*** EXCERPTED RECORDS ***

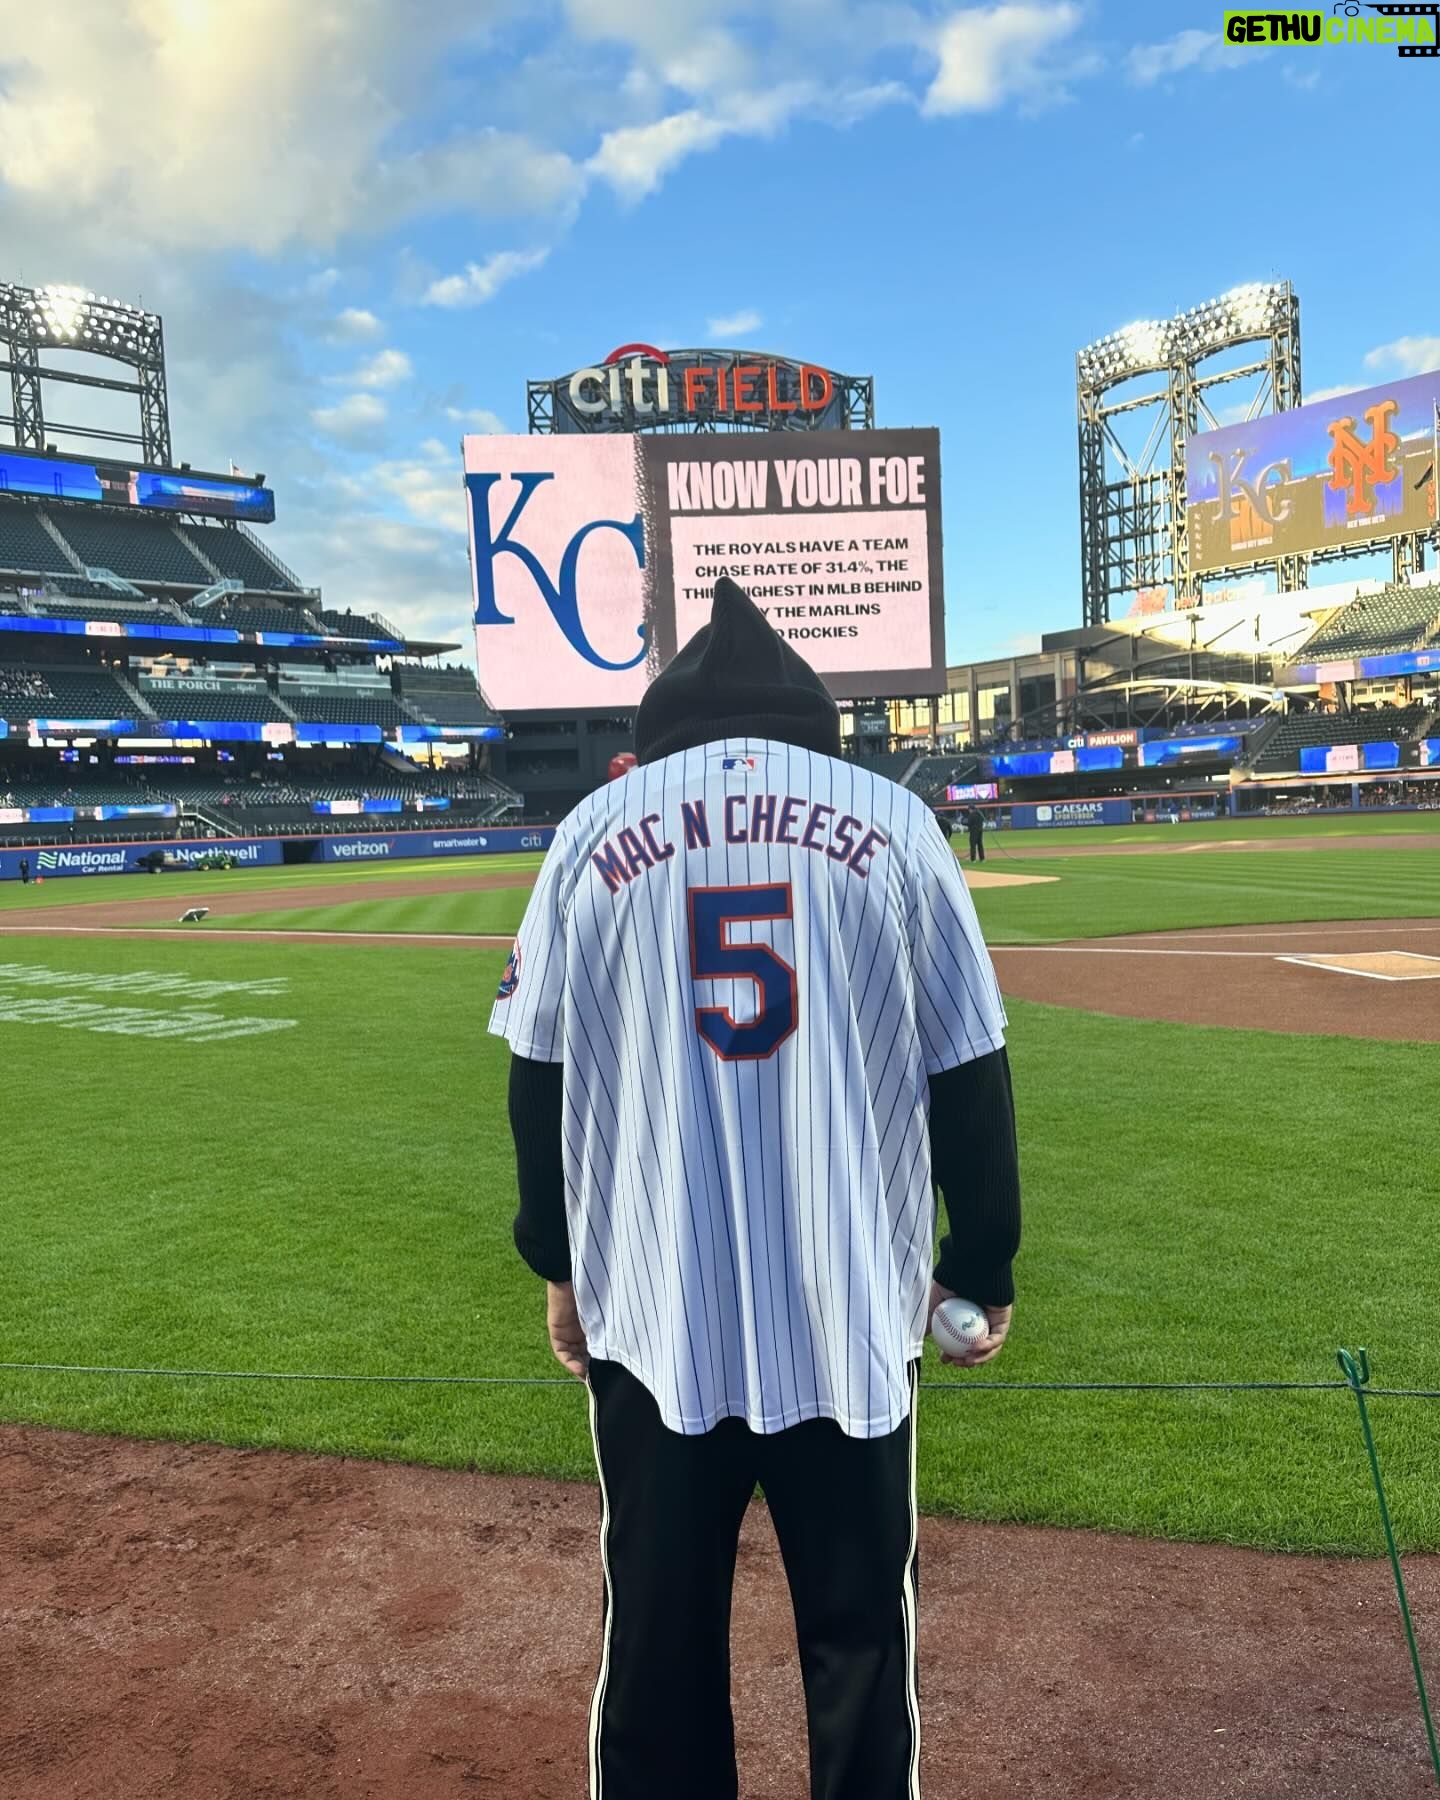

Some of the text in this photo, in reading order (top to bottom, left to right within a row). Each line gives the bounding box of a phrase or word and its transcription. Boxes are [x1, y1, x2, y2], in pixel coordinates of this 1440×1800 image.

[569, 355, 833, 413] citi FIELD
[667, 456, 926, 511] KNOW YOUR FOE
[693, 538, 909, 556] THE ROYALS HAVE A TEAM
[695, 564, 751, 578] CHASE
[754, 563, 798, 576] RATE
[801, 562, 822, 575] OF
[876, 559, 909, 572] THE
[682, 587, 715, 600] THI
[809, 583, 825, 596] IN
[827, 582, 862, 595] MLB
[864, 580, 923, 594] BEHIND
[774, 606, 806, 618] THE
[809, 603, 881, 617] MARLINS
[788, 626, 859, 640] ROCKIES
[151, 679, 174, 689] THE
[177, 680, 221, 691] PORCH
[1067, 734, 1134, 748] citi PAVILION
[1053, 803, 1104, 814] CAESARS
[433, 838, 479, 848] smartwater
[521, 834, 542, 847] citi
[592, 794, 888, 895] MAC N CHEESE
[332, 841, 389, 856] verizon
[58, 851, 126, 867] National
[688, 882, 798, 1061] 5

***

§ **EXERCISE OBJECTIVE**: Exact copy, no pictures: please print the data above once more.

§ **ANSWER BOX**:
Some of the text in this photo, in reading order (top to bottom, left to right within a row). Each line gives the bounding box of a phrase or word and its transcription. Boxes are [x1, y1, x2, y2], in pixel coordinates of this 1440×1800 image.

[569, 355, 833, 413] citi FIELD
[667, 456, 926, 511] KNOW YOUR FOE
[693, 538, 909, 556] THE ROYALS HAVE A TEAM
[695, 564, 751, 578] CHASE
[754, 563, 798, 576] RATE
[801, 562, 822, 575] OF
[876, 559, 909, 572] THE
[682, 587, 715, 600] THI
[809, 583, 825, 596] IN
[827, 582, 862, 595] MLB
[864, 580, 923, 594] BEHIND
[774, 606, 806, 618] THE
[809, 603, 881, 617] MARLINS
[788, 626, 859, 640] ROCKIES
[151, 679, 174, 689] THE
[177, 680, 221, 691] PORCH
[1067, 734, 1134, 748] citi PAVILION
[1053, 803, 1104, 814] CAESARS
[433, 838, 479, 848] smartwater
[521, 834, 542, 847] citi
[592, 794, 888, 895] MAC N CHEESE
[332, 841, 389, 856] verizon
[58, 851, 126, 867] National
[688, 882, 798, 1061] 5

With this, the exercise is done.